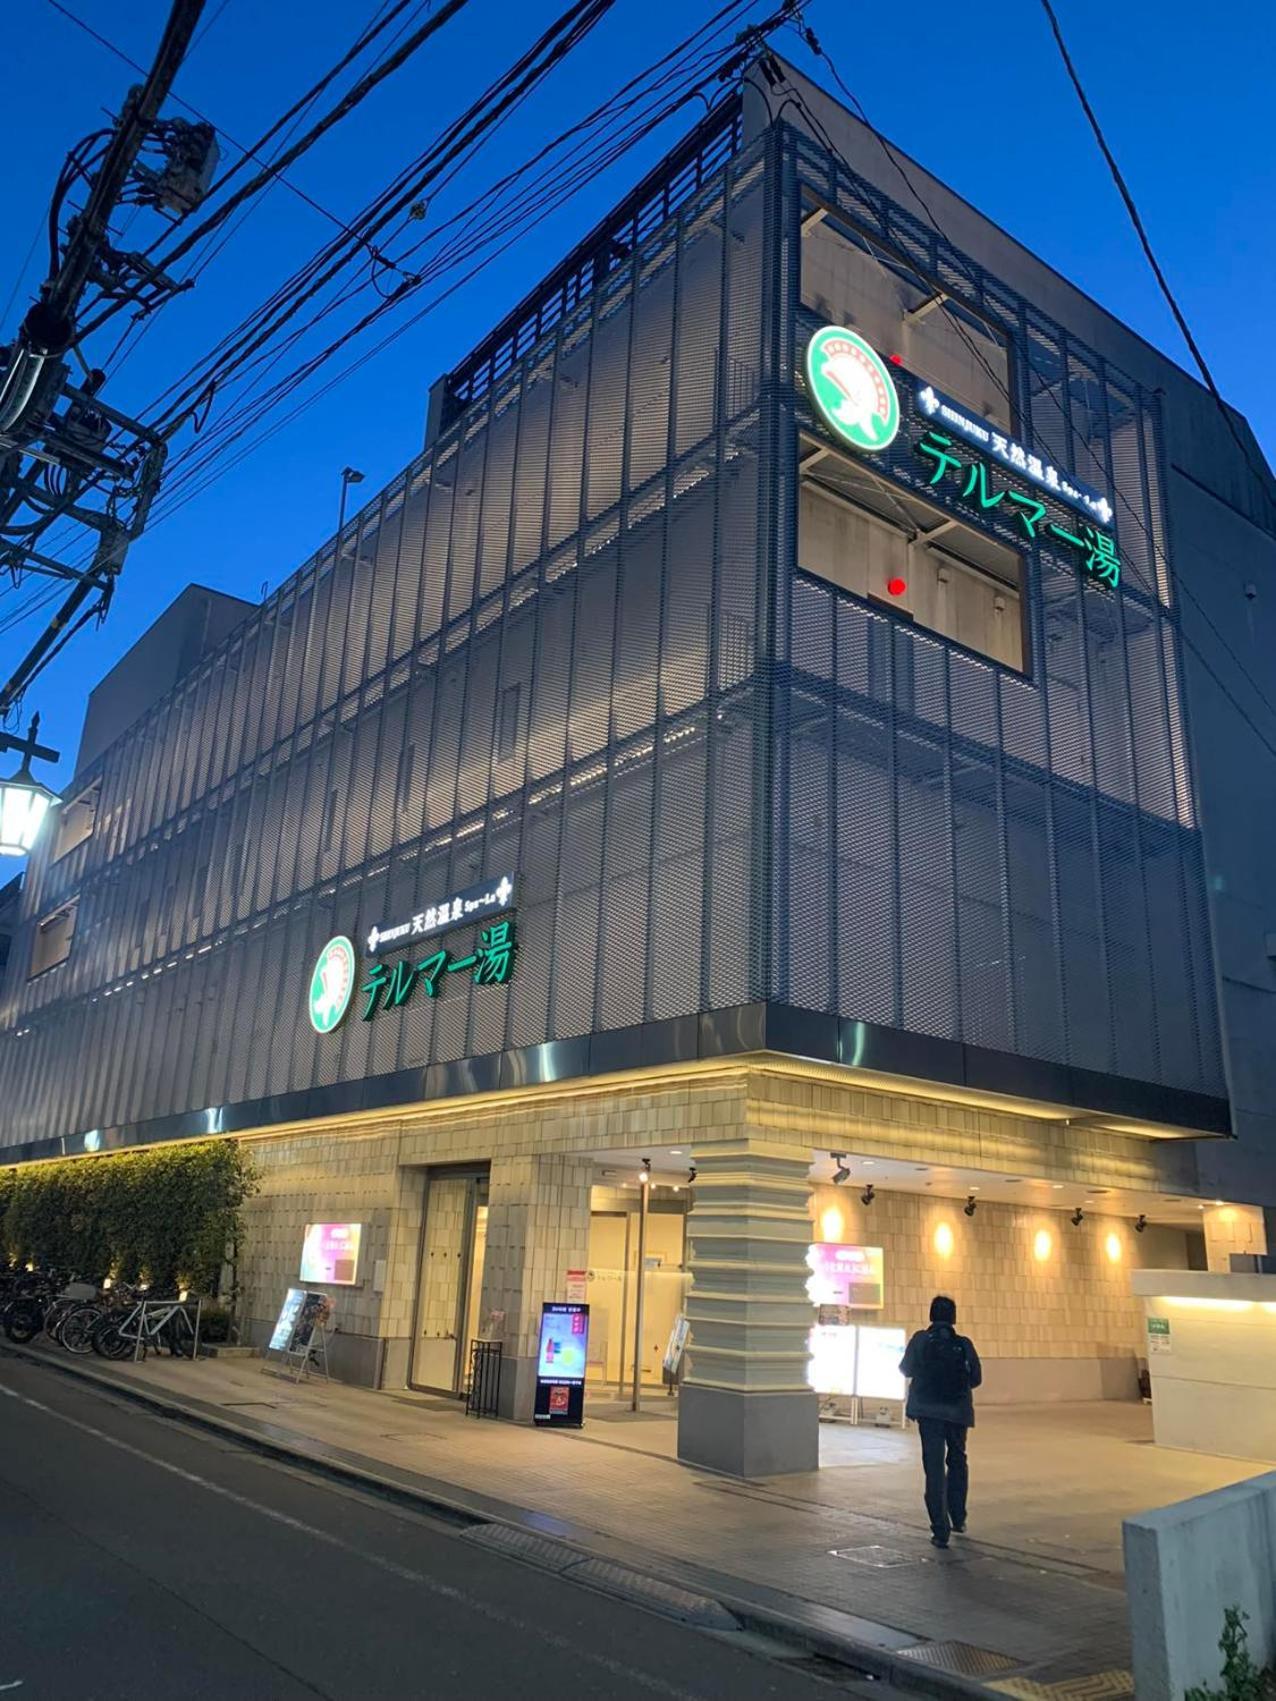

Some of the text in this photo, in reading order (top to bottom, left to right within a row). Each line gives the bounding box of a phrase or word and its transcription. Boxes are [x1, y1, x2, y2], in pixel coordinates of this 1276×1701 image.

[920, 432, 1120, 587] テルマー湯
[412, 897, 463, 934] 天然温泉
[361, 921, 512, 1020] テルマー湯
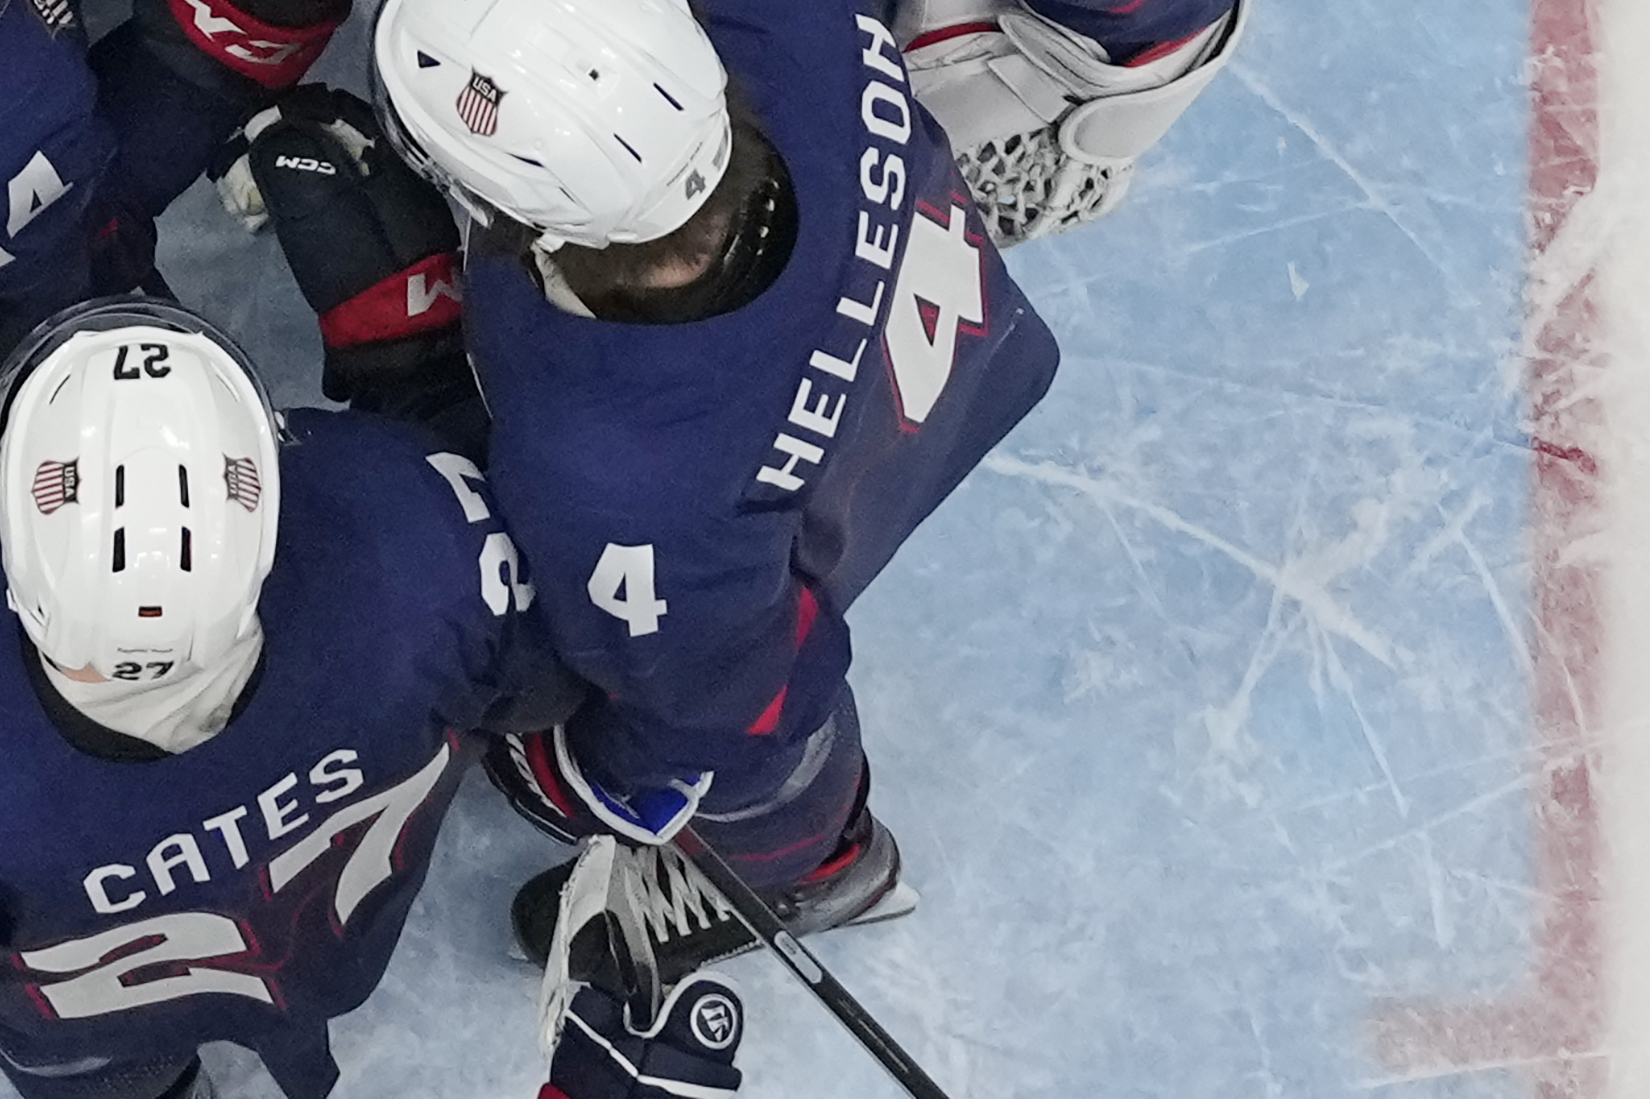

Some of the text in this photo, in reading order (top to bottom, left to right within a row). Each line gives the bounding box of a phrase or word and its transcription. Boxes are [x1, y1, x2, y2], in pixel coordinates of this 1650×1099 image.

[472, 76, 498, 102] USA
[276, 156, 336, 175] CCM
[685, 169, 706, 201] 4
[886, 203, 984, 423] 4
[113, 344, 172, 380] 27
[65, 465, 76, 498] USA
[588, 542, 668, 637] 4
[112, 661, 174, 682] 27
[83, 748, 364, 914] CATES
[20, 742, 449, 1019] 27
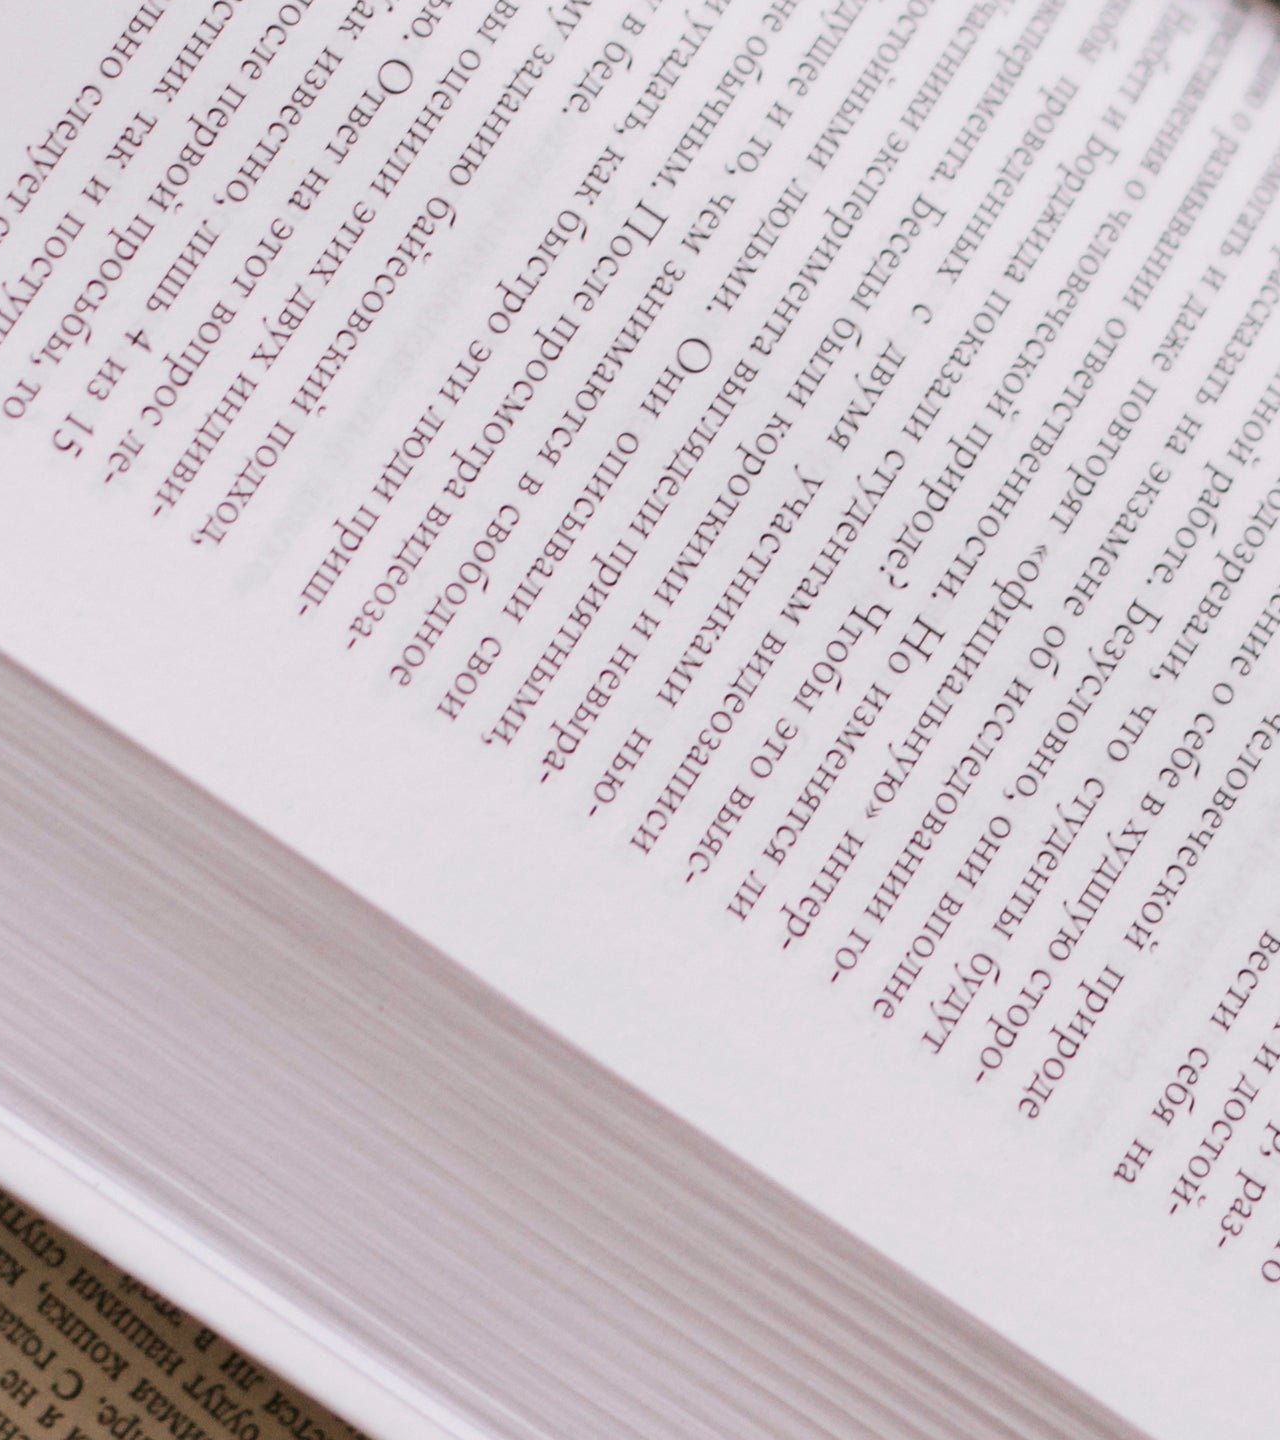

※

Skip the pictures. Return exactly the lines from the one containing "this 1650×1099 image." through the end of the data above, both included, and nothing besides.

● Task solution:
Some of the text in this photo, in reading order (top to bottom, left to right within a row). Each line gives the bounding box of a phrase or word and its transcription. Boxes are [x1, y1, x2, y2], in pixel coordinates of this 1650×1099 image.

[472, 76, 498, 102] USA
[276, 156, 336, 175] CCM
[685, 169, 706, 201] 4
[886, 203, 984, 423] 4
[113, 344, 172, 380] 27
[65, 465, 76, 498] USA
[588, 542, 668, 637] 4
[112, 661, 174, 682] 27
[83, 748, 364, 914] CATES
[20, 742, 449, 1019] 27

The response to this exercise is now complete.